How a Norwegian Chef Collective Is Upping the Countries Culinary Game

© Knut Egil Wang

They've been friends for more than a decade, after meeting while working at Oslo’s storied Palace Grill. Today, the four chefs—Anders Braathen, Stian Floer, Tom Victor Gausdal, and Even Ramsvik—make up Lava Oslo, which has become one of the most successful restaurant groups in Norway through a combination of passion, coincidence, and an intuition for changing tastes.

In 2010, they opened Strand in a historic house on the outskirts of the city, a laid-back spot that serves small plates focused on seasonal produce. Before anyone had heard about natural wine, a friend of the group advised them to start pouring it. A selection of those wines has come to define several of their restaurants. They debuted Smalhans two years later as a neighborhood eatery in the central St. Hanshaugen district, offering a simple lunch and an evening tasting menu with home-style dishes like pork knuckle with red currants and chanterelles. “We create what we want to experience in Oslo and try to fill in the missing blanks,” says Ramsvik.

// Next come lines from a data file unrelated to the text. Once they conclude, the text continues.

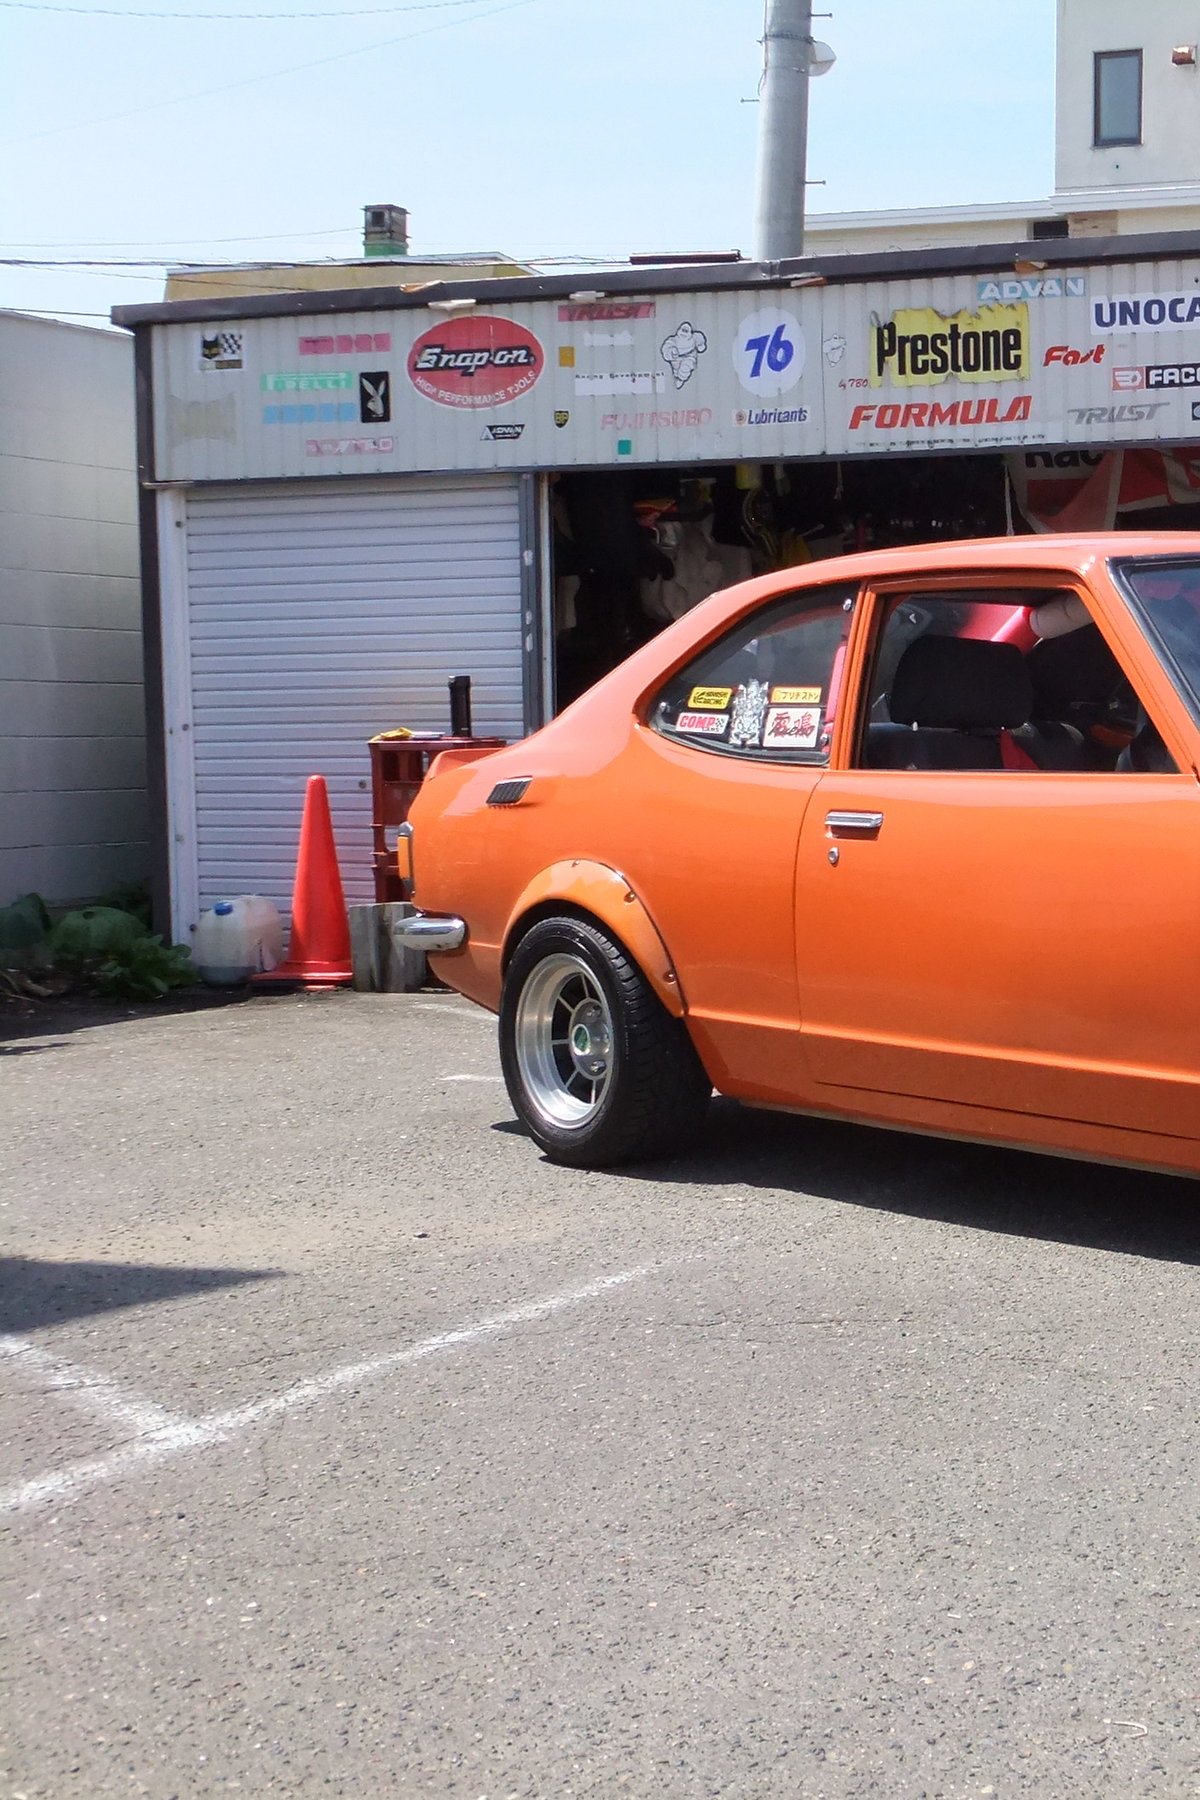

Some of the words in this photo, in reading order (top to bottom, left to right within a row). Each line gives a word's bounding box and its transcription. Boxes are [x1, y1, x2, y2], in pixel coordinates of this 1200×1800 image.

[980, 277, 1085, 299] ADVAN
[416, 347, 529, 373] Snap-on
[744, 323, 794, 378] 76
[876, 321, 1023, 377] Prestone
[555, 411, 569, 425] BP
[747, 407, 808, 424] Lubricants
[848, 395, 1033, 429] FORMULA
[1066, 402, 1171, 425] TRUST
[679, 715, 716, 729] COMP

Seafood dishes at Lava Oslo's Nordic brasserie, Sentralen. Anne Valeur

Seeing the city’s enthusiasm for international dining, Floer opened Hitchhiker in 2014, serving global street foods like Singaporean chili crab and kimchi salads. “Every new concept comes from our customers’ growing more adventurous,” says Gausdal, who oversees a team of developers who travel to find recipes, which they then rework with local ingredients. Next up was an Asian dumpling spot, the Golden Chimp; a Nordic brasserie within the performance venue Sentralen; a pub and natural-wine bar Gurken Gurken Gurken Gurken; its accompanying restaurant, Brutus, a pan-Nordic café; and a small chain of sourdough bakeries dubbed Handwerk.

In August they opened Katla, an Asian-Latin fusion spot, with the acclaimed Icelandic chef Atli Mar Yngvason, who for many years ran Oslo’s favorite chefs’ hangout, Pjoltergeist. And there are more to come: canteen-style veggie-centric Dugurd and wood-fire-focused Stasjonen. Despite all the expansion, they prefer not to duplicate concepts. “We try to create places that make people travel to different parts of the city and have a new experience in each,” says Braathen.